A Fruta e a Surra

Isaura, sete anos, era uma menina pobre, muito pobre, que adorava comer frutas. Mas frutas, só as de pé, dos fundos de quintal, porque sua família não tinha dinheiro para comprar frutas, nem mesmo bananas. Seu pai era carpinteiro que vivia de biscates, sua mãe costurava para fora, imigrantes nordestinos, evangélicos, de formação moral rígida. Moravam em Bangu, era uma casa alugada de telhado de zinco e chão de cimento, que nem geladeira tinha e a pia era uma bacia de água.

A maior expectativa de Isaura era o domingo, quando , na maioria das vezes, ia passar o dia e almoçar na casa dos tios, uma pequena chácara em Jacarepaguá. Os tios eram pobres, mas não tão pobres. Lá tinha geladeira, colocada no canto da sala, com um pingüim de louça em cima e, principalmente - aos olhos de Isaura - uma bandeja de frutas, também em cima da geladeira. E todos os dias que ia lá, Isaura botava mesmo olho comprido em cima das peras e maçãs que via na bandeja. Sua tia, sem graça mas solícita, oferecia uma fruta, que Isaura aceitava prontamente e devorava avidamente. A cena se repetia sempre, nos domingos que a família de Isaura visitava seus parentes nem tão pobres.
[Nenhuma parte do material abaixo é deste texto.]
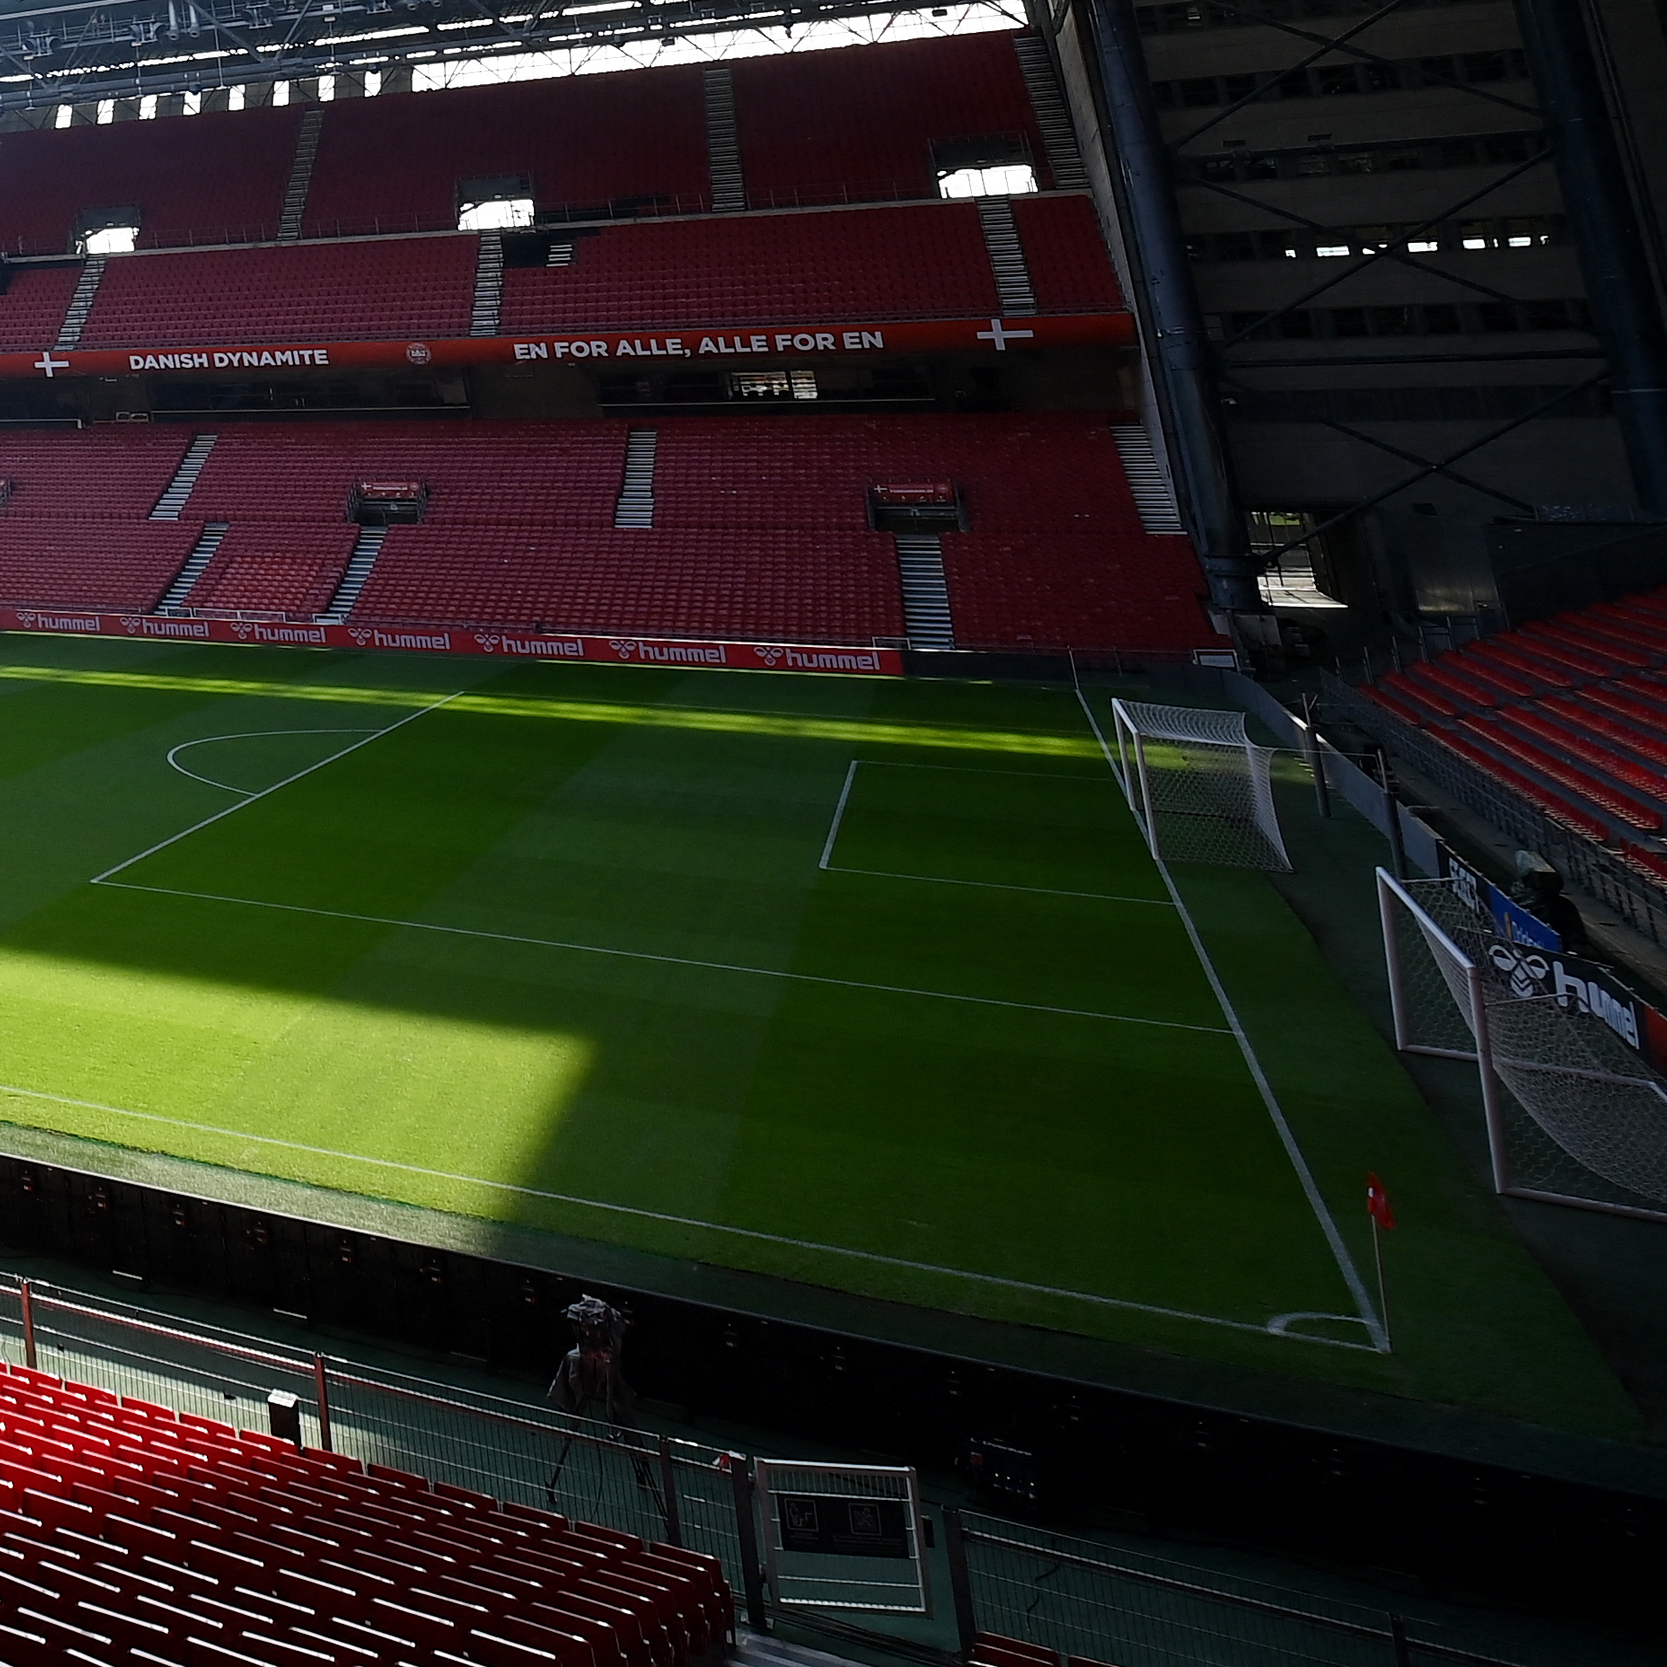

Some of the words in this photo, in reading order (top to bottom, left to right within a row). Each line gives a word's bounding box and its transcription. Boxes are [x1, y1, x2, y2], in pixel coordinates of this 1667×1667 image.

[513, 343, 548, 360] EN
[554, 340, 608, 359] FOR
[615, 337, 692, 358] ALLE,
[698, 335, 769, 354] ALLE
[776, 332, 836, 351] FOR
[842, 331, 884, 349] EN
[129, 352, 209, 371] DANISH
[213, 349, 329, 369] DYNAMITE
[37, 616, 100, 632] hummel
[142, 621, 209, 637] hummel
[254, 625, 326, 643] hummel
[374, 629, 450, 650] hummel
[502, 635, 584, 656] hummel
[638, 641, 726, 663] hummel
[786, 648, 880, 670] hummel
[1553, 961, 1641, 1050] hummel
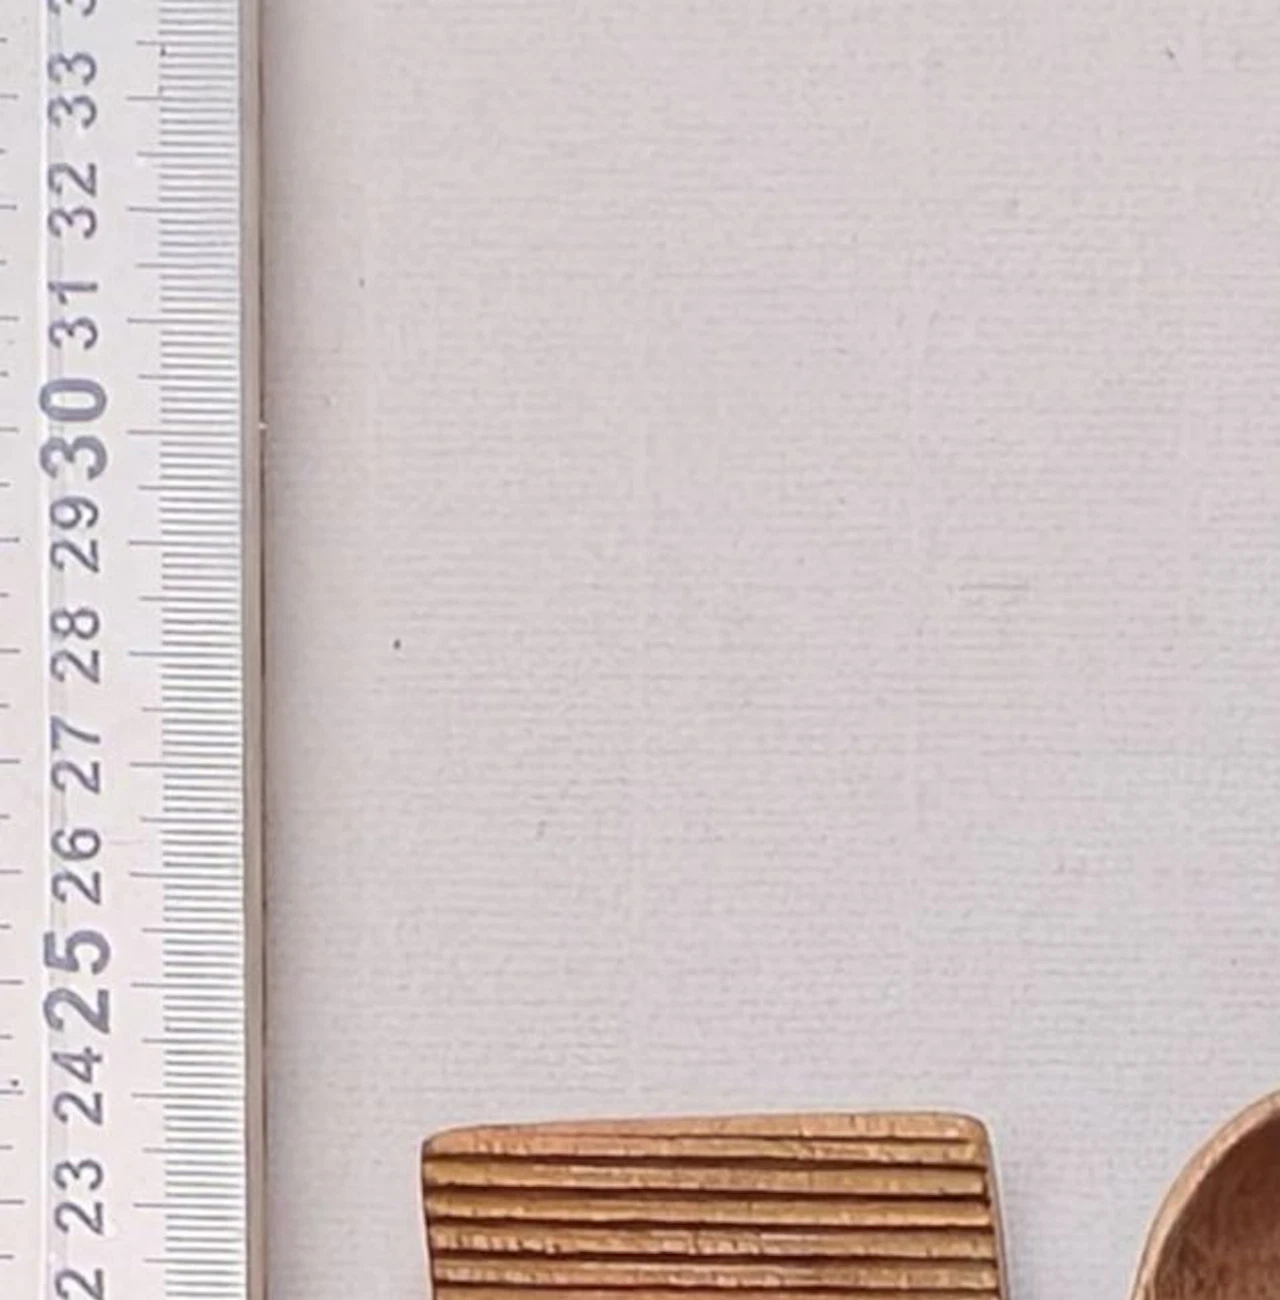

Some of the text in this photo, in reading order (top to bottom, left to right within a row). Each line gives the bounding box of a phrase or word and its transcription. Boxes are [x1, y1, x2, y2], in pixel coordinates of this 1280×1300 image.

[47, 52, 97, 129] 33
[47, 163, 97, 239] 32
[47, 281, 98, 351] 31
[38, 378, 108, 481] 30
[49, 496, 100, 574] 29
[49, 607, 100, 685] 28
[50, 715, 101, 796] 27
[50, 828, 102, 905] 26
[43, 930, 110, 1035] 25
[51, 1046, 103, 1126] 24
[52, 1159, 104, 1235] 23
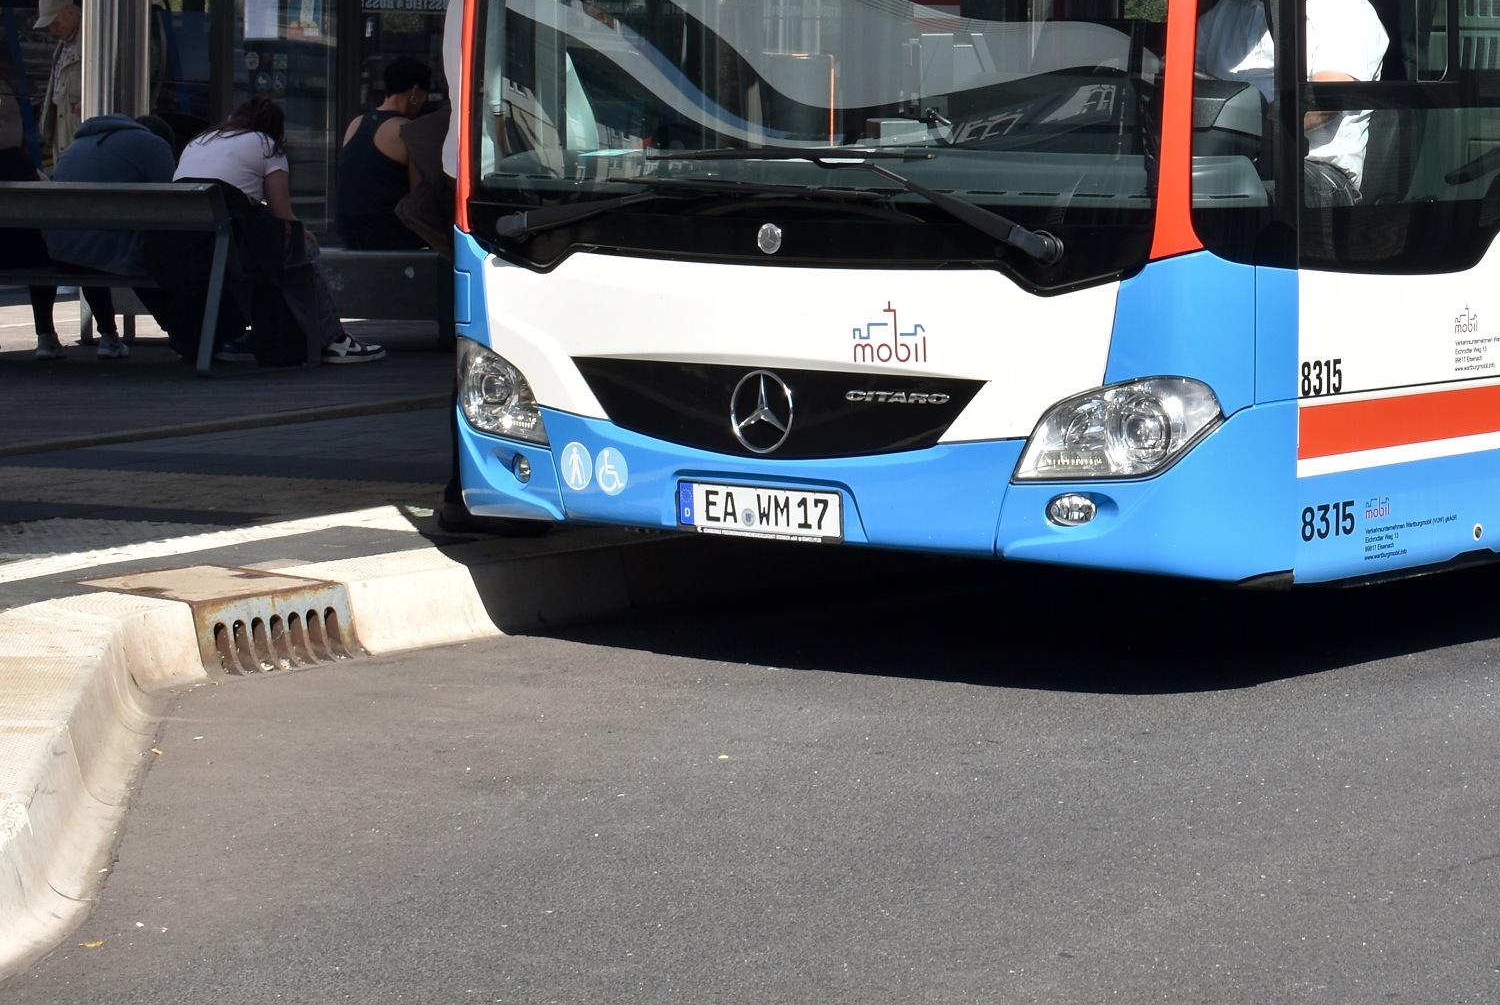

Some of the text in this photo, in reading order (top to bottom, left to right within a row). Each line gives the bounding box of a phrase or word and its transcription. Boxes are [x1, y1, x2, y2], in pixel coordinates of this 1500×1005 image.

[853, 311, 927, 363] mobil
[1454, 310, 1478, 334] mobil
[1301, 358, 1342, 396] 8315
[845, 389, 951, 405] CITARO
[685, 507, 691, 518] D
[705, 489, 829, 531] EA WM 17
[1301, 500, 1355, 543] 8315
[1365, 496, 1390, 520] mobil
Certa vez, num domingo de manhã cedo, enquanto a família se arrumava para ir à casa desses parentes, a mãe de Isaura, sem explicar nada de início, deu-lhe uma surra sem dó. Depois de apanhar muito, a menina Isaura, desnorteada e chorosa, ouviu da mãe: “Isto é para você aprender a nunca mais ficar de olho grande nas frutas da casa da sua tia.”

E daí em diante, a menina Isaura, todos os domingos que ia à casa da tia, ficava olhando só de soslaio a bandeja de frutas em cima da geladeira.